I'm not satisfied with the above result. Is it possible to make the equation center aligned:

enter image description here

5 Answers 5

4

Presumably you need this number of lines because of a two column document. I would not want to center the lines because of the different operators - and \leq. Instead I would prefer a staggered output where each newline on the left of the equation starts further to the left than those after the \leq and on each side the first line is further left than the subsequent ones. One way to achieve this is:

Sample output

\documentclass[twocolumn]{article}

\usepackage{mathtools}
\DeclarePairedDelimiter{\norm}{\lVert}{\rVert}
\DeclareMathOperator{\tr}{tr}

\usepackage{lipsum} % for dummy text

\begin{document}

\lipsum[1]
\begin{equation}
  \begin{split}
    \MoveEqLeft
    \sum^n_{i,j=1}\frac{(S_{t})_{ij}\norm{W^T_{t+1}x_i-W^T_{t+1}x_j}_2^2}{2\norm{W^T_{t}x_i-W^T_{t}x_j}_2} \\
    \MoveEqLeft[1] - \lambda_t\tr(W^T_{t+1}XX^TW_{t+1})\\
    &\leq
    \sum^n_{i,j=1}\frac{(S_{t})_{ij}\norm{W^T_tx_i-W^T_tx_j}_2^2}{2\norm{W^T_tx_i-W^T_tx_j}_2} \\
    &\qquad -\lambda_t\tr(W^T_tXX^TW_t)
  \end{split}
\end{equation}

\end{document}

Other changes introduced

  • definition of \norm via \DeclarePairedDelimiter
  • definition of \tr
  • use of just equation when it is one single equation, subsequent division with split

Another possibility would be to use multiline and perhaps mulitlined for the two sides of the equation.

2

I don't think it's necessary to break up the equation across four lines; it looks like the equation fits comfortably inside the text block if it's broken up only once. I suggest you use a multline environment to typeset the equation.
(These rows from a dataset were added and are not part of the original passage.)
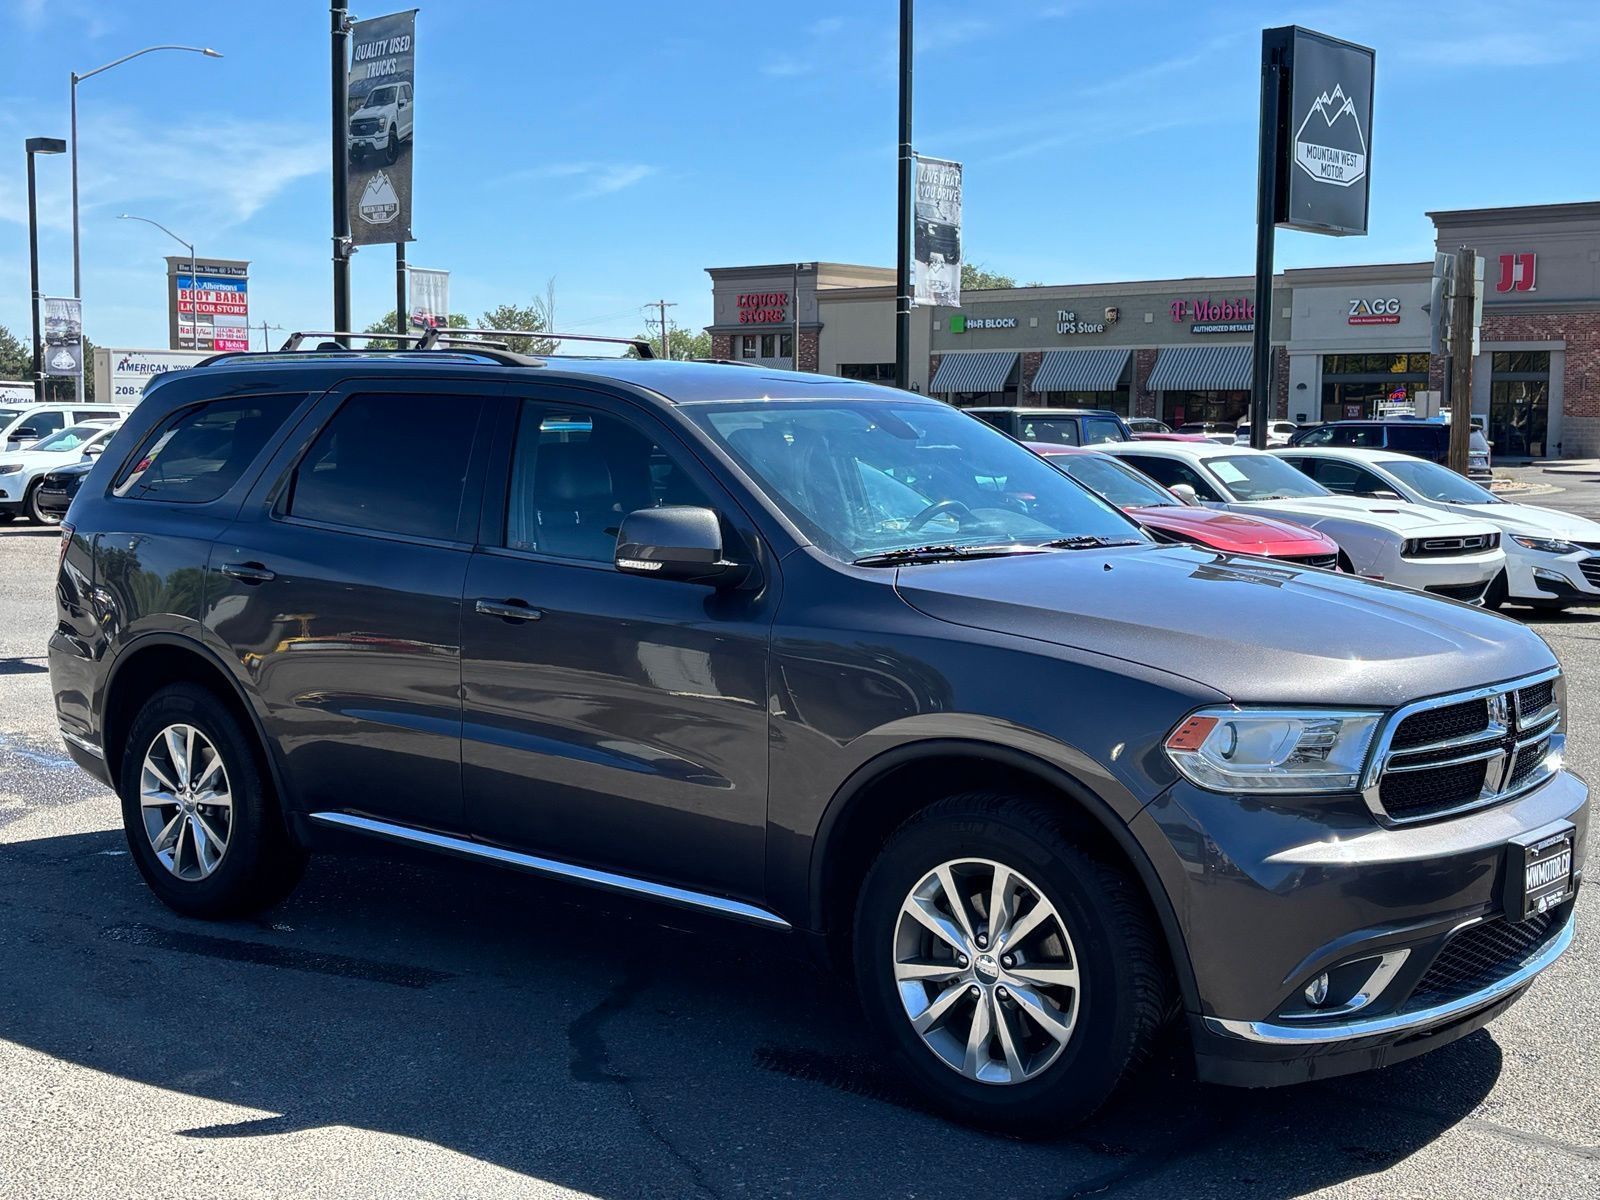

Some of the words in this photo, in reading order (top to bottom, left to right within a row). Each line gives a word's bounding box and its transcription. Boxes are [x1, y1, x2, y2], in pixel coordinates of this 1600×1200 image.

[355, 39, 388, 61] QUALITY
[389, 35, 411, 55] USED
[367, 58, 397, 79] TRUCKS
[1306, 145, 1340, 163] MOUNTAIN
[1341, 152, 1357, 168] WEST
[920, 169, 938, 184] LOVE
[939, 171, 960, 187] WHAT
[1321, 163, 1343, 179] MOTOR
[920, 184, 936, 199] YOU
[937, 187, 959, 202] DRIVE
[202, 282, 237, 291] Albertsons
[180, 289, 211, 301] BOOT
[215, 291, 245, 304] BARN
[736, 293, 786, 309] LIQUOR
[217, 304, 247, 315] STORE
[1349, 298, 1400, 315] ZAGG
[739, 309, 785, 324] STORE
[1057, 310, 1075, 321] The
[967, 319, 984, 329] H&R
[985, 318, 1016, 328] BLOCK
[1056, 322, 1076, 334] UPS
[1077, 321, 1104, 334] Store
[1193, 325, 1229, 333] AUTHORIZED
[117, 360, 169, 373] AMERICAN
If you want a less pronounced horizontal offset between the two lines of the equation, you could use an align environment instead, inserting \qquad at the start of the second line. Both solutions are shown below.

Using two instead of four lines also permits getting rid of two pairs of parentheses that don't seem to be necessary from a mathematical point of view. Incidentally, your code snippet doesn't mention how the macro \norm is defined; in the code below, I use a setup made possible by the mathtools package.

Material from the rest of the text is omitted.